Would you return the complete listing below word for word?

......

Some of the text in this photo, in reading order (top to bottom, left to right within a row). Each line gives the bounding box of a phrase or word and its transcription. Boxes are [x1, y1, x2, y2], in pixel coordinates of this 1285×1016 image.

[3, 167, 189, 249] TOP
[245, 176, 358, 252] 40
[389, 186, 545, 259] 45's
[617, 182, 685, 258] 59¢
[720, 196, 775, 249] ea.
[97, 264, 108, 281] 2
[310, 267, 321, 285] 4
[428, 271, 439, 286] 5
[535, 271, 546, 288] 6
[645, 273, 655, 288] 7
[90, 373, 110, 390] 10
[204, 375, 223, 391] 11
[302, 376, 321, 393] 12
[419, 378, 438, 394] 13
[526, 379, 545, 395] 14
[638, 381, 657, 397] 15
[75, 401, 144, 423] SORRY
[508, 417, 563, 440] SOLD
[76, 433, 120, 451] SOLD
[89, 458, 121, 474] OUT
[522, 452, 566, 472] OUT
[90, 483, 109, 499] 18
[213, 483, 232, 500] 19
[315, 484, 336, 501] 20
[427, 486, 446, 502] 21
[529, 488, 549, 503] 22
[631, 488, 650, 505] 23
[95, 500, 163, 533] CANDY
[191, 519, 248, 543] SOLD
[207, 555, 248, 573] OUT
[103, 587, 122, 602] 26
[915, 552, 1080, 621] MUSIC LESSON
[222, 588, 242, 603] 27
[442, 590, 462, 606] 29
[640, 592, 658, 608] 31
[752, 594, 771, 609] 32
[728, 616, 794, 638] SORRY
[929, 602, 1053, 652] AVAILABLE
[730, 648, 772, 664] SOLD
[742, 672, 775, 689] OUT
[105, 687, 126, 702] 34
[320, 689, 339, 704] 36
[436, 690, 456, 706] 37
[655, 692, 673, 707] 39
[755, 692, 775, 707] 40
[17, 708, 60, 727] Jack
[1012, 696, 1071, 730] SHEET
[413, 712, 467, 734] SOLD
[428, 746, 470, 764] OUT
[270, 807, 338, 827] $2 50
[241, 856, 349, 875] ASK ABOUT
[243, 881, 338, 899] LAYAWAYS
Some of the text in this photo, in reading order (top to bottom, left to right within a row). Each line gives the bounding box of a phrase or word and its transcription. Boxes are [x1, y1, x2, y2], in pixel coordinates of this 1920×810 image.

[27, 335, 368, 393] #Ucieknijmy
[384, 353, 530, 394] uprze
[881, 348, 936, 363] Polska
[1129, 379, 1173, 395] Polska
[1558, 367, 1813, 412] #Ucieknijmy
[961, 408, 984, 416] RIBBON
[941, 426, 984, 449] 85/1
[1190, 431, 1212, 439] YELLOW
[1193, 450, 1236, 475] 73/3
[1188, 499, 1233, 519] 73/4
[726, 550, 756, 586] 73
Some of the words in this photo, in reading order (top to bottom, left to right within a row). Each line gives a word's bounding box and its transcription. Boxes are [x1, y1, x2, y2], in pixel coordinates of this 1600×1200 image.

......

Response to the task
Some of the text in this photo, in reading order (top to bottom, left to right within a row). Each line gives the bounding box of a phrase or word and its transcription. Boxes are [x1, y1, x2, y2], in pixel coordinates of this 1285×1016 image.

[3, 167, 189, 249] TOP
[245, 176, 358, 252] 40
[389, 186, 545, 259] 45's
[617, 182, 685, 258] 59¢
[720, 196, 775, 249] ea.
[97, 264, 108, 281] 2
[310, 267, 321, 285] 4
[428, 271, 439, 286] 5
[535, 271, 546, 288] 6
[645, 273, 655, 288] 7
[90, 373, 110, 390] 10
[204, 375, 223, 391] 11
[302, 376, 321, 393] 12
[419, 378, 438, 394] 13
[526, 379, 545, 395] 14
[638, 381, 657, 397] 15
[75, 401, 144, 423] SORRY
[508, 417, 563, 440] SOLD
[76, 433, 120, 451] SOLD
[89, 458, 121, 474] OUT
[522, 452, 566, 472] OUT
[90, 483, 109, 499] 18
[213, 483, 232, 500] 19
[315, 484, 336, 501] 20
[427, 486, 446, 502] 21
[529, 488, 549, 503] 22
[631, 488, 650, 505] 23
[95, 500, 163, 533] CANDY
[191, 519, 248, 543] SOLD
[207, 555, 248, 573] OUT
[103, 587, 122, 602] 26
[915, 552, 1080, 621] MUSIC LESSON
[222, 588, 242, 603] 27
[442, 590, 462, 606] 29
[640, 592, 658, 608] 31
[752, 594, 771, 609] 32
[728, 616, 794, 638] SORRY
[929, 602, 1053, 652] AVAILABLE
[730, 648, 772, 664] SOLD
[742, 672, 775, 689] OUT
[105, 687, 126, 702] 34
[320, 689, 339, 704] 36
[436, 690, 456, 706] 37
[655, 692, 673, 707] 39
[755, 692, 775, 707] 40
[17, 708, 60, 727] Jack
[1012, 696, 1071, 730] SHEET
[413, 712, 467, 734] SOLD
[428, 746, 470, 764] OUT
[270, 807, 338, 827] $2 50
[241, 856, 349, 875] ASK ABOUT
[243, 881, 338, 899] LAYAWAYS
Some of the text in this photo, in reading order (top to bottom, left to right within a row). Each line gives the bounding box of a phrase or word and its transcription. Boxes are [x1, y1, x2, y2], in pixel coordinates of this 1920×810 image.

[27, 335, 368, 393] #Ucieknijmy
[384, 353, 530, 394] uprze
[881, 348, 936, 363] Polska
[1129, 379, 1173, 395] Polska
[1558, 367, 1813, 412] #Ucieknijmy
[961, 408, 984, 416] RIBBON
[941, 426, 984, 449] 85/1
[1190, 431, 1212, 439] YELLOW
[1193, 450, 1236, 475] 73/3
[1188, 499, 1233, 519] 73/4
[726, 550, 756, 586] 73
Some of the words in this photo, in reading order (top to bottom, left to right within a row). Each line gives a word's bounding box and its transcription. Boxes are [x1, y1, x2, y2], in pixel coordinates of this 1600×1200 image.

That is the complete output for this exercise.